Thiamine triphosphate activates an anion channel of large unit conductance in neuroblastoma cells

Abstract

In neuroblastoma cells, the intracellular thiamine triphosphate (TTP) concentration was found to be about 0.5 microM, which is several times above the amount of cultured neurons or glial cells. In inside-out patches, addition of TTP (1 or 10 microM) to the bath activated an anion channel of large unit conductance (350-400 pS) in symmetrical 150 mM NaCl solution. The activation occurred after a delay of about 4 min and was not reversed when TTP was washed out. A possible explanation is that the channel has been irreversibly phosphorylated by TTP. The channel open probability (Po) shows a bell-shaped behavior as a function of pipette potential (Vp). Po is maximal for -25 mV < Vp < 10 mV and steeply decreases outside this potential range. From reversal potentials, permeability ratios of PCl/PNa = 20 and PCl/Pgluconate = 3 were estimated.
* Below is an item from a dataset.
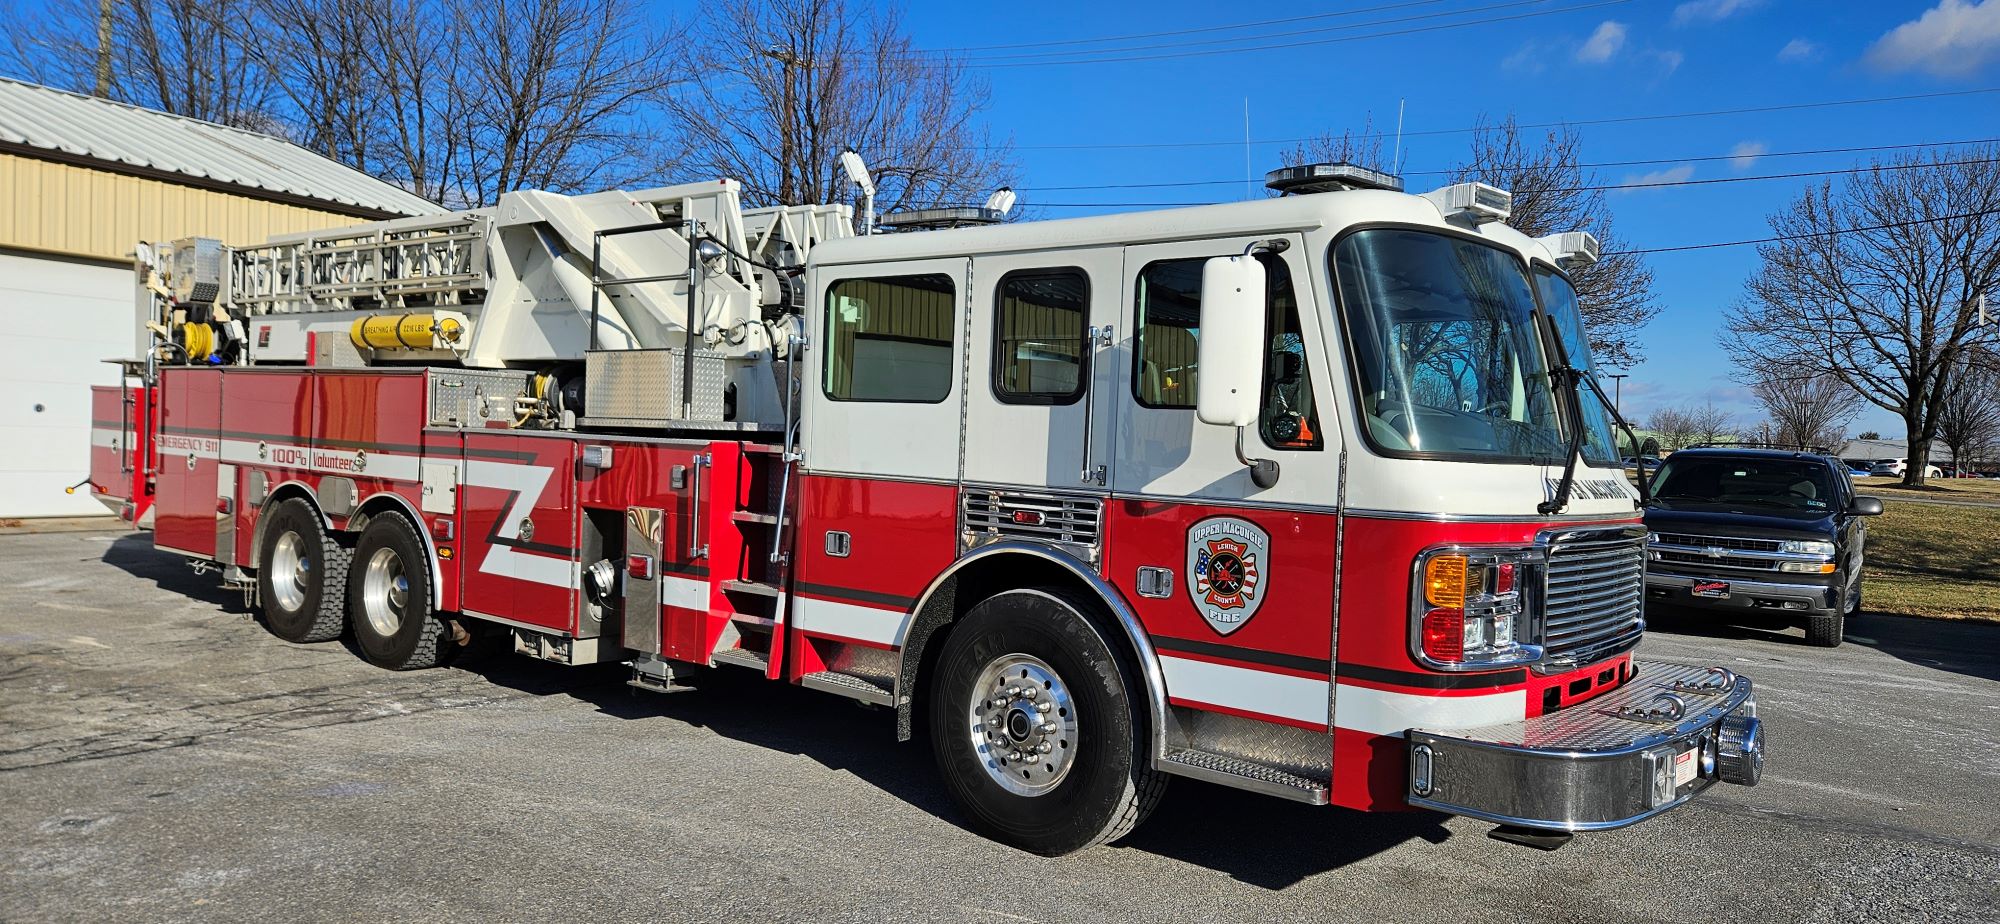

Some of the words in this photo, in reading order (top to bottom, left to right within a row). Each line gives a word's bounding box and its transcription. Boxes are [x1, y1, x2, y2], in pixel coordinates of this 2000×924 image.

ATP (5 mM) at the cytoplasmic side of the channel decreased the mean single channel conductance by about 50%, but thiamine derivatives did not affect unit conductance; 4,4'-diisothiocyanostilbene-2,2'-disulfonic acid (0.1 mM) increased the flickering of the channel between the open and closed state, finally leading to its closure. Addition of oxythiamine (1 mM), a thiamine antimetabolite, to the pipette filling solution potentiates the time-dependent inactivation of the channel at Vp = -20 mV but had the opposite effect at +30 mV. This finding corresponds to a shift of Po towards more negative resting membrane potentials. These observations agree with our previous results showing a modulation of chloride permeability by thiamine derivatives in membrane vesicles from rat brain.